Dr. Craig comments on a Youtube video which lists the dangers of Christian apologetics.

KEVIN HARRIS: We've encountered a YouTuber who has a beef with Christian apologetics. Chris Cornthwaite has his PhD in philosophy from the University of Toronto, Master of Arts from the University of Western Ontario, Master of Divinity with distinction from the University of Western Ontario, and a lot more credentials. He was once in ministry, and was once a teaching assistant at the University of Toronto. He's no longer in ministry nor in academia. He has rejected the small-town fundamentalism of his youth including Young Earth Creationism and things like that. Yet he says he still identifies as a Christian, in his words. We could get into identity politics, but we'll save a lot of that for another time. It's a really big deal these days – what you identify, how you identify. I’m curious how this might relate to your work on saving faith in your Systematic Philosophical Theology.
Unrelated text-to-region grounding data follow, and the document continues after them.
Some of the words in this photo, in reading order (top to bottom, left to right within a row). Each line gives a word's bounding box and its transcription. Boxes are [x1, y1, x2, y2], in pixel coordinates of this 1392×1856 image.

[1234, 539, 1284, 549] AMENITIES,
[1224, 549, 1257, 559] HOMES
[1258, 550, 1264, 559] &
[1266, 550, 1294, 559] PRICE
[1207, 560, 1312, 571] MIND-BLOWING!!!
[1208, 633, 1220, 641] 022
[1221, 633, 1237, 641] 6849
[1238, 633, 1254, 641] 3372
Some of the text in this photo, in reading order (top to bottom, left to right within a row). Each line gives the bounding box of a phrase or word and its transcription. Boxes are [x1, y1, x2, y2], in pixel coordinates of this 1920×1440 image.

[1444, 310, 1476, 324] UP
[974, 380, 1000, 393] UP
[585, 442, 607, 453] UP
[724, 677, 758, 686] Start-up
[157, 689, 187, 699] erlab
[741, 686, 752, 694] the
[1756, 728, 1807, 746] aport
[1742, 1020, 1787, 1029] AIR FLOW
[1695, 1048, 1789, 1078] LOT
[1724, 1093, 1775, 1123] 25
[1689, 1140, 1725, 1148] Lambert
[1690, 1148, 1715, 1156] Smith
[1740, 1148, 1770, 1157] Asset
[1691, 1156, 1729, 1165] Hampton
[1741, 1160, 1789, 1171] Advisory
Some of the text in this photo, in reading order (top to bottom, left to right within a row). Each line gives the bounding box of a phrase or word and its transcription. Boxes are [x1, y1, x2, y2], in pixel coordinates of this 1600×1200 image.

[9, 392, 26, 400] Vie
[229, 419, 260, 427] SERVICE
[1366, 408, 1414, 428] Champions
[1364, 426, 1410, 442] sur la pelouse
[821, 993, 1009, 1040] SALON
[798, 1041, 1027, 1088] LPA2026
Is it enough to merely identify as a Christian?

DR. CRAIG: I think there are two components of saving faith: what I call propositional faith and personal faith. Propositional faith involves belief in certain truth claims. For example, Paul in Romans 10 says "If you confess with your lips that Jesus is Lord and believe in your heart that God raised him from the dead you will be saved." So there are certain propositional facts that should be believed as part of being a Christian. But then, in addition to that, it's not just a matter of believing certain truths. James says, "Do you believe that God is one? Well and good. The demons also believe, and shudder!” So what the demons lack is not propositional faith; what they lack is that personal trust in God, personal trust in Christ. So it's important to have both of these – both the personal commitment of love and trust to Christ, but then also certain propositional beliefs.

KEVIN HARRIS: Well, obviously it really jumped out at me when I ran across his video[1] – the danger of apologetics. So let's look at what he thinks here. Here's the introductory clip. Let's go to clip number one:

CHRIS: I should say my name is Chris. I have a Master of divinity, a Master of arts and theology, a PhD in Christian origin. I was a youth pastor for 10 years, and I left Christianity for a long time because of Christian apologetics. So in this video I want to talk about why I think Christian apologetics is actually really dangerous to Christianity. I want to talk about how I think it's destroying a lot of people's faith and ultimately driving a lot of intelligent young people out of the faith.

KEVIN HARRIS: Wow. Well, that's quite an indictment. I've had conversations with people who think being an apologist means one who strives to make people who disagree with you look bad, and obnoxious polemics, and such. It might be the case that Chris has this narrow view of what it's all about.

DR. CRAIG: That could be part of it, but having watched some of the other clips I think he's also concerned that the typical apologetic arguments are really weak so that people who believe on the basis of these arguments are like sitting ducks when they go off to the university and sit under an intelligent professor who blows away those apologetic arguments. But I did notice in that clip that he said he left Christianity for a long time but apparently now I think he's back with a more intellectually informed faith, a deeper, more open-minded faith, which I think is just great. I don't sense in him any different beliefs than those that I have since I'm also not a Young Earth Creationist or a King James Version-only person. So I think what he's plumping for in this video is really what you and I already accept, namely an intelligent, intellectually engaged Christianity. What he's inveighing against is a very narrow popularistic form of Christianity.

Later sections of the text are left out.